The Student Newspaper of Mississippi State University

The Reflector

The Student Newspaper of Mississippi State University

The Reflector

The Student Newspaper of Mississippi State University

The Reflector

Candidates present platforms during SA debates

The Mississippi State University Student Association’s Executive Council debate, hosted and moderated by the Speech and Debate Club, occurred on March 22 with every candidate answering questions on their platforms and positions.

Treasurer-Elect and current chairman of the Senate Appropriations Committee Alex Bedwell, being the only candidate for treasurer, outlined his goals and spending priorities as treasurer. Bedwell emphasized the need to increase the transparency of where funds go and stretching those funds to meet as many needs as possible, as well as updating the out-of-date SA finance codes.

Next, the three candidates for secretary, Juan Benavides, Carley Bowers and Emily Young, took the stage.

Emily Young, a College of Arts and Sciences senator, said she wants to implement an online “suggestion box” to help students more efficiently communicate their needs to SA.

Juan Benavides, a performing arts/university organizations senator, emphasized the need to start going green at MSU, which means making sure recycling bins are recycled. Additionally, Benavides proposed a new public relations team to help better communicate with students and starting to implement more Spanish language resources for Spanish-speaking parents.

Carley Bowers, a cabinet member as one of the co-directors of Research and Development, wants to implement a new online filing system to contain all bills that the Senate passes, which would be available for all students to view. Additionally, Bowers wants to start sending out a monthly review email to students who want to stay informed on the SA’s recent activities.

All secretary candidates emphasized the need for better communication on how OrgSync functions, and more transparency for students on how SA operates.

Jake Manning, College of Engineering senator, community and governmental relations committee chairman, and current president pro tempore, along with Stephanie Flynt, College of Arts and Sciences senator and current chairwoman of the Diversity and Multicultural Affairs Committee, are the two candidates for vice president.

Manning stressed his main goal for Senate is to have it become a more effective, efficient and functional body. Additionally, Manning wants to create a Senate filing system, like Carley Bowers’s system.

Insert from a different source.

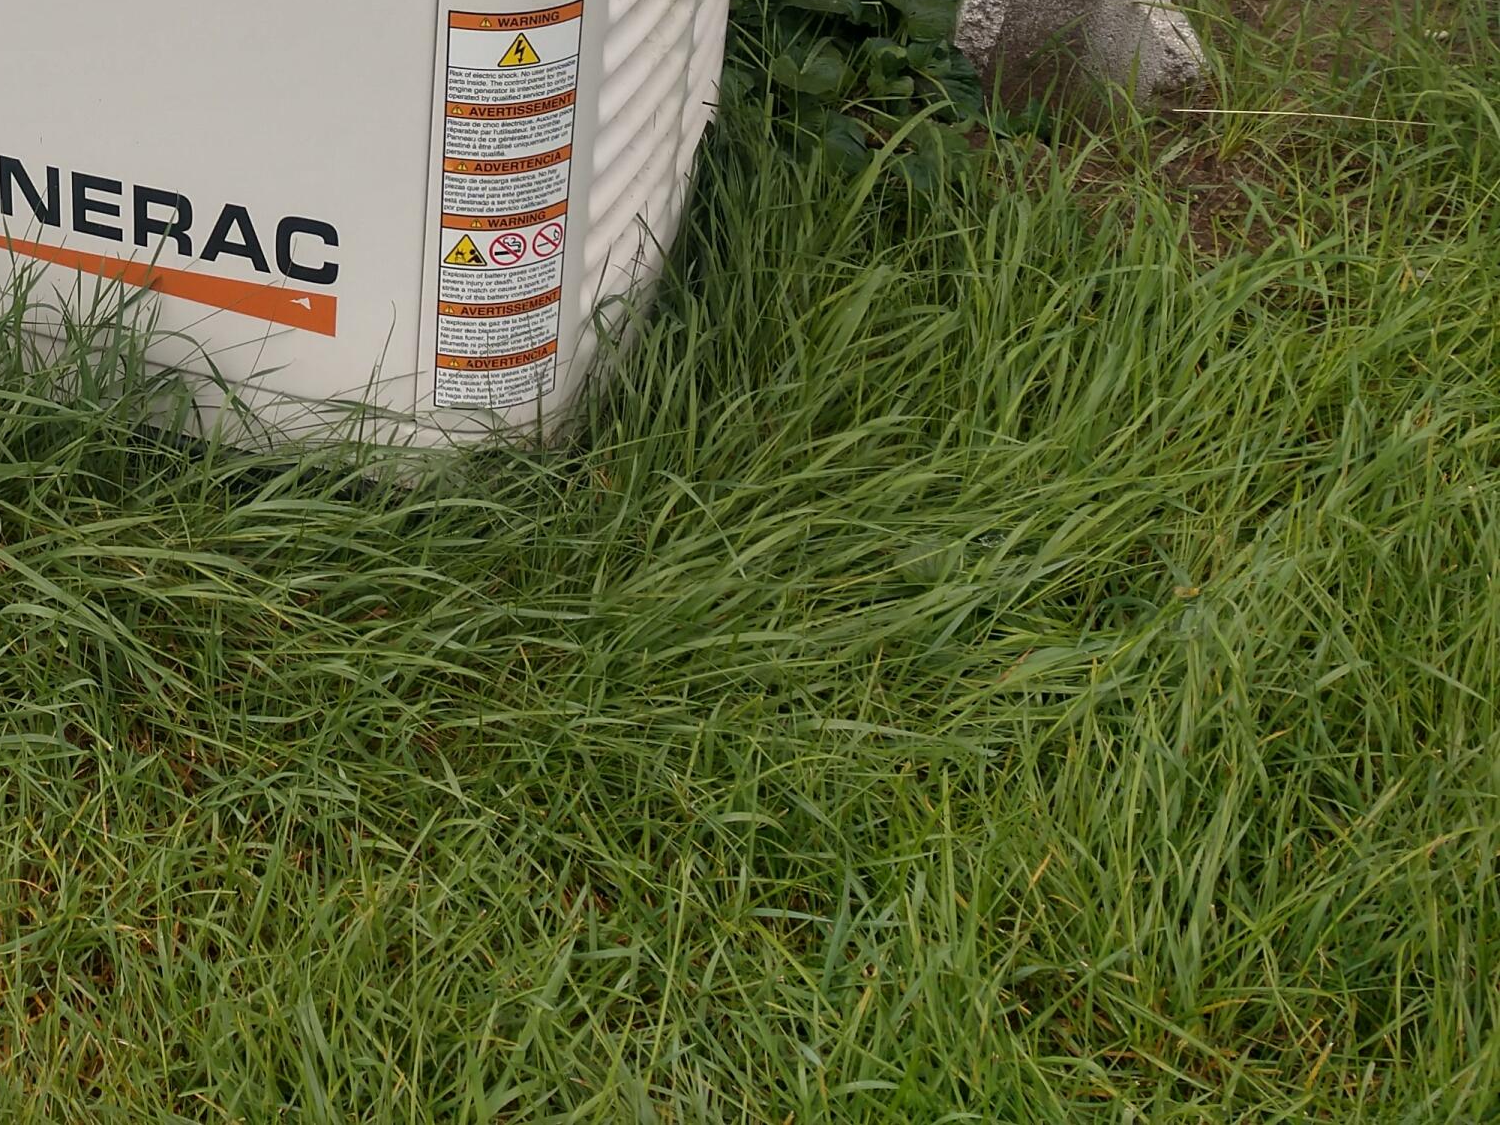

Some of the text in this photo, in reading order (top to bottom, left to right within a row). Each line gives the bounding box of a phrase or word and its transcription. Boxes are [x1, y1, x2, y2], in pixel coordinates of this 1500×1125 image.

“Across my time as a senator, I have been frustrated time and time again when plenty of good ideas arise, are worked on, research done, passed, taken to administration and they are shot down, ultimately because we don’t have enough influence on campus,” Manning said. “I have multiple ideas about how I believe we can go restructuring the way Senate is operated to increase our legitimacy, increase inclusion, build a stronger base and enable us to apply greater pressure.”

Flynt wants to further increase SA’s transparency, so students are more involved in the legislative process.

“In other words, making sure agendas are published before Senate meetings. That way people can contact senators if they have an issue with a certain bill,” Flynt said.

Flynt also wants to implement a “legislative ideas application,” where students could fill out a form to more directly involve themselves with a Senate committee to work on an issue. In the same vein, Flynt wants to make senators’ contact information more available.

Both candidates want to better improve the newly-implemented organizational Senate seats to better increase the diversity of thought in the Senate.

Finally, Mayah Emerson, current director of programming in the SA Cabinet, and Layton Little, current vice president, spoke as the two presidential candidates.

Emerson’s platform consisted of external and internal campus initiatives to serve both Starkville and the student body, as well as a focus on diversity and campus outreach. The platform included a new “State of our State” forum series, academic advising training, a leadership class taught by the SA President, lower textbook prices, online teacher evaluations and the Bulldog Locker system, which would provide rentable business attire for interviews.

“Diversity is a portion of this university that makes this place special. I’ve said it over and over during my time campaigning, so it is our job to not only preserve that diversity, but further that diversity,” Emmerson said.

Little explained he wants his platform to encompass a large variety of issues, so every student will find something to vote for. The policies range from live messaging with teacher assistants, notifications when someone drops a class, texting numbers for counselors, a major fair, lower prices at the concession stands and ending holiday/break testing.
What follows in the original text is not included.